Of course the math is simple- if you want to build wealth, there are only two main ingredients.
1) Make more money than you spend, and save the difference.
2) Get a decent rate of return on your savings.
Most of this blog focuses on step 2. For step 1 which I touch on only from time to time, I largely avoid the topic of income, as that’s something that is closely tied to one’s profession. When it comes to step 1, I instead focus a few articles on limiting expenses. Mostly it’s pretty simple advice- consume less. Less fossil fuels, fewer depreciating assets, fewer distractions. Weed out what is not important in order to focus on what you really do consider important. Rather than accepting a lower standard of living, it’s about realizing that by streamlining one’s life, less can be more. More time for people and things you enjoy, more space, more money, more freedom, less worry, less maintenance, and less clutter.
This specific post will quickly outline two ways to improve your savings rate. It’s not groundbreaking advice, but instead presents a few numbers to think of when making decisions.
One way to boost income is with a second job. Many people, when they get a profession, think of that as their only livelihood, and are content with working 40-50 hours per week. But it can be rewarding to have a second stream of income.
For me, that income is currently blogging and writing freelance investing articles. It doesn’t pull in a ton of money, but brings in several hundred dollars per month. And this isn’t income I have to think too much about- I undermonetize my site, rarely deal with advertisers, and instead just focus on content. I’ve even calculated the approximate hourly “wage” I receive from blogging, and while it’s not as high as my primary profession, it’s workable. But I wouldn’t work for this wage if I didn’t love what I did. It’s not high enough to make it worth it on money alone, and this blogging project was started with the expectation that money would be light, and that any money made wouldn’t be made for a rather long time (which was true). The important factor is that I enjoy what I do; I enjoy earning my second smaller stream of income as much as, if not more than, my primary income. I enjoy networking with other writers, getting positive emails, making some otherwise tricky concepts clear and approachable, growing my knowledge of the business world by looking through more and more companies, encountering interesting new investing situations, and so forth.
I know a retired engineer that spent most of his long career moonlighting as an emergency driver after work.

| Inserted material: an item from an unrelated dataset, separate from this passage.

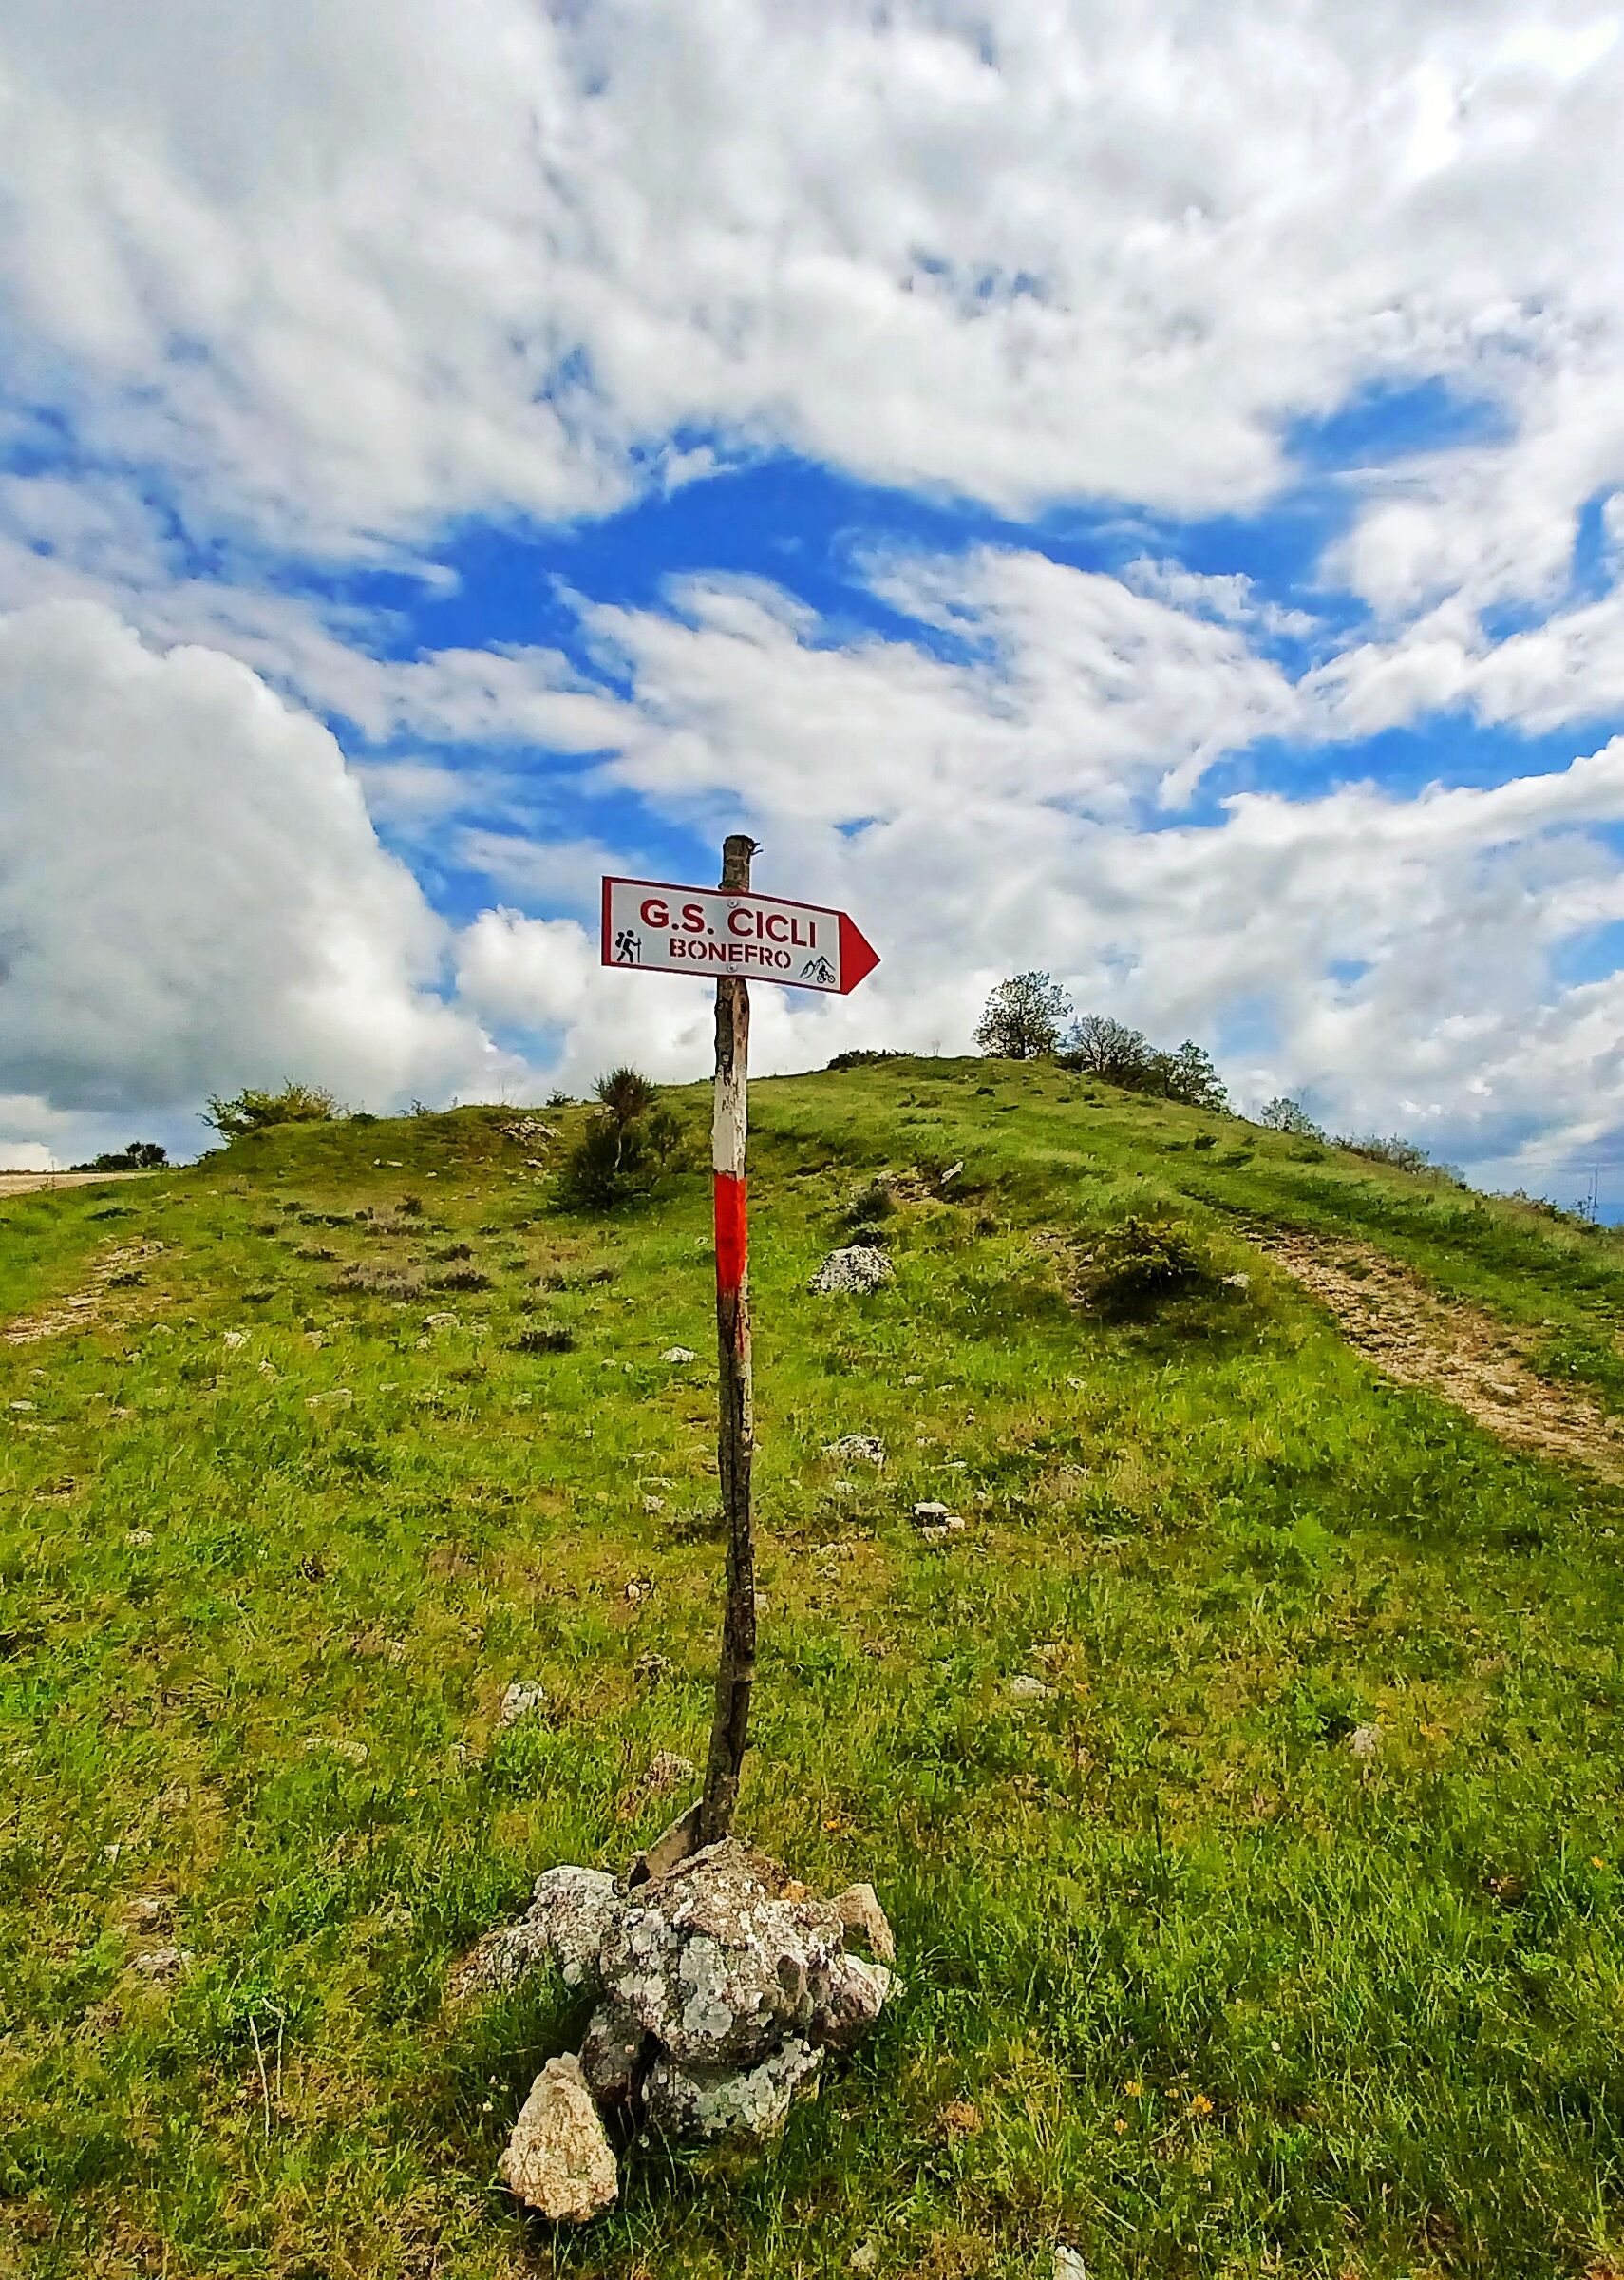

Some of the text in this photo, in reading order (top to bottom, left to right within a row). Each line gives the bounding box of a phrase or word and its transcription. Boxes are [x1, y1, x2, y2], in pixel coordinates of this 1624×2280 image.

[640, 899, 816, 948] G.S. CICLI
[670, 938, 791, 969] BONEFRO

There’s no way he put up with that for decades for a few extra bucks here and there. He did it because he loved it. He loved helping people, he loved being there, being involved, and was an outgoing people-person that loved getting to know the town like the back of his hand, and meeting new faces all the time.
When it comes to a second “job”, bringing in a second stream of income while doing something you like can be rewarding. It turns time that would be spent consuming, into time spent producing, building, or creating. Suppose that, after tax, a person brings in $60,000 per year, and spends $35,000 per year. That leaves $25,000 for saving. Now suppose that she finds a way to bring in $5,000 in extra net income that she really enjoys doing. That’s only an 8% increase for her total net income, but if her expenses stay the same, that’s a 20% increase in the amount she can save. If the side income is $10,000 instead, then it’s a 16% increase in income, but a 40% increase in savings. That’s the math to focus on- how much a potential income stream can increase your savings rate, not your income level.
One thing about me, is that I’m not particularly frugal. I’m minimal, but when I really want something that I think will provide value, I buy it. For me, one of the great things about saving and investing is that I don’t like to pinch pennies or think of money too often. Instead my approach is simply to buy so little nonsense, that when I want to spend resources on something, there’s really no issue.
I recommend the “10 rule” when it comes to buying things. This comes from the following scenario: if you get a rate of return of 10% on your money, and inflation is 3% per year, then the real rate of return is 7%. If you put a dollar away now, and it gets a 7% rate of return, it’ll turn into $10.68 in 35 years. In other words, every dollar you save today, is about $10 when you retire.
So for everything you want to buy, multiply the price by 10. That’s how much your future self is paying for it. If you still think it’s worth it, go for it. It puts things into perspective.
This could conceivably drive some people crazy. Maybe it’s a bit too much. Maybe it means that absolutely nothing looks like it’s worth buying, since nothing is worth 10x the face value. Ice cream cones aren’t worth $15, that drink in the club isn’t worth $100, a blue-ray disc isn’t worth $200, that great shirt isn’t worth $500, that concert ticket isn’t worth $700. Multiplying everything by ten makes everything look ridiculously expensive. It depends on your age, your situation etc. but sometimes, these things are worth it. You’re only young once, your kids are only young once, you only live this moment once, you only have these friends or this family for the limited time that you have them. So when it comes down to it, some things really are worth paying tenfold for. And the 10 rule can help filter out what you consider truly valuable in the present. I tend to find that usually, experiences are worth it, while material things are often not, unless those things are part of an experience with others.
So what are your thoughts? What helps you save money and live more intentionally and proactively?